The name Rungsted is first recorded in 1346 in the form Runæstigh. The name may be derived from Old Danish runi meaning and sti 'svinesti', later changed to sted. Alternatively the first part of the name may refer to the small waves that are characteristic of the Øresund.

Rungsted's inn, Rungsted Kro, is first mentioned in the beginning of the 16th century but it is probably much older. The inn moved in 1803, and the buildings were renamed Rungstedlund.

==Marina==
Rungsted Harbour, which faces the Øresund Strait, accommodates approximately 800 boats and is one of the main recreational focal points of the neighborhood. It has a visitors' jetty, a tourist information office, and a range of shops, restaurants and cafés. The harbour is adjacent to Rungsted Badestrand beach and attracts around 1.5 million visitors annually.

==Sport==
Rungsted is home to two prominent sports clubs sharing facilities at Hørsholm-Usserød Idrætspark on Stadion Allé.

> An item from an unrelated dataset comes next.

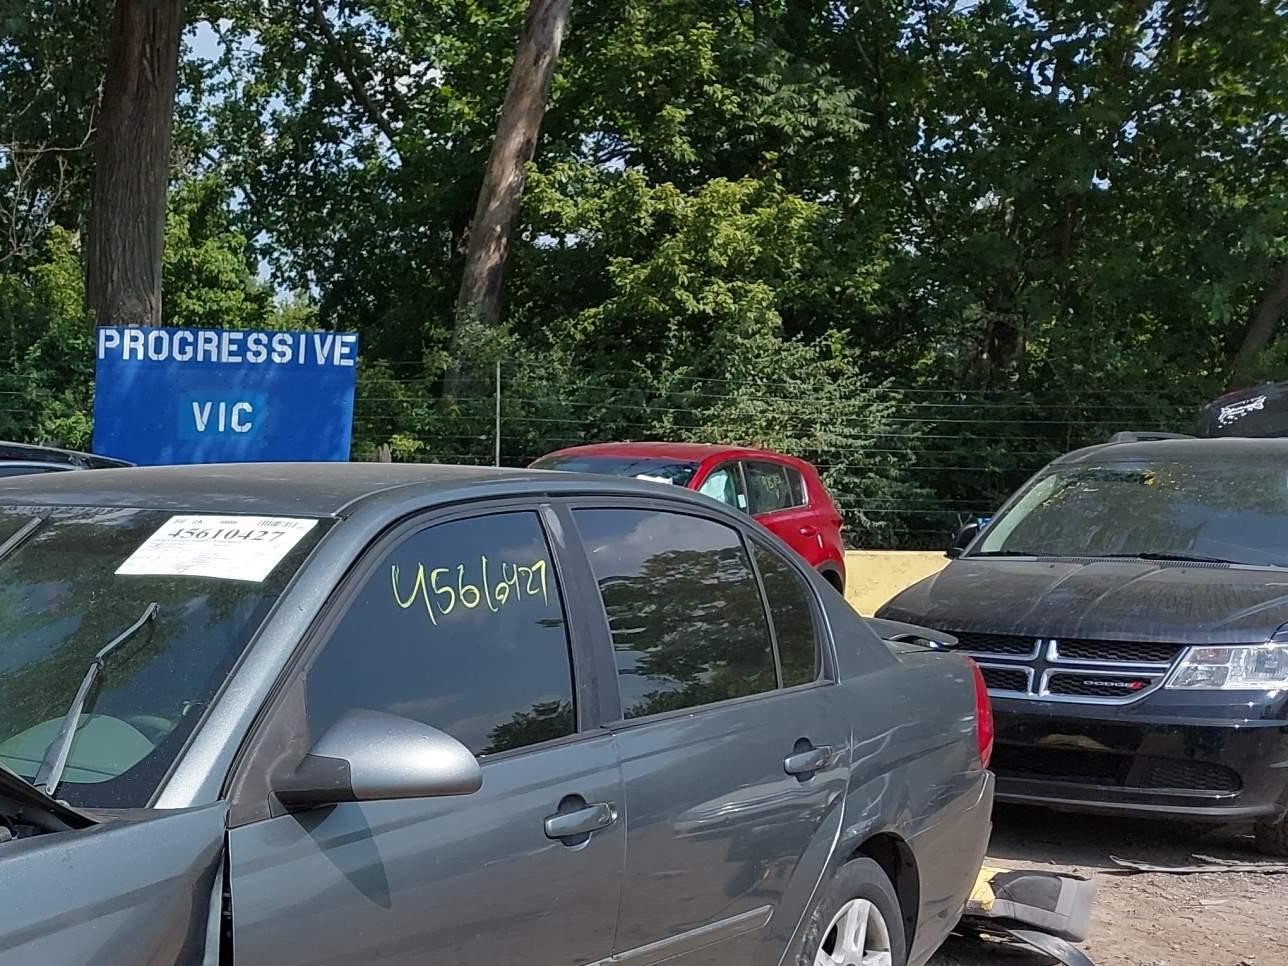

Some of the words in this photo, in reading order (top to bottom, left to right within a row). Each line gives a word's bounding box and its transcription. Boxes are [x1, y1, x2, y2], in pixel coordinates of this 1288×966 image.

[98, 328, 357, 366] PROGRESSIVE
[191, 401, 254, 433] VIC
[167, 527, 288, 543] 45610427

The football club Hørsholm-Usserød IK (HUI), founded in 1962, is one of the larger amateur clubs in Denmark and competes in the Danish 3rd Division, the fourth tier of Danish football, having reached that level for the first time in 2025. The club is noted for its youth development programme and is the childhood club of Danish international Rasmus Højlund.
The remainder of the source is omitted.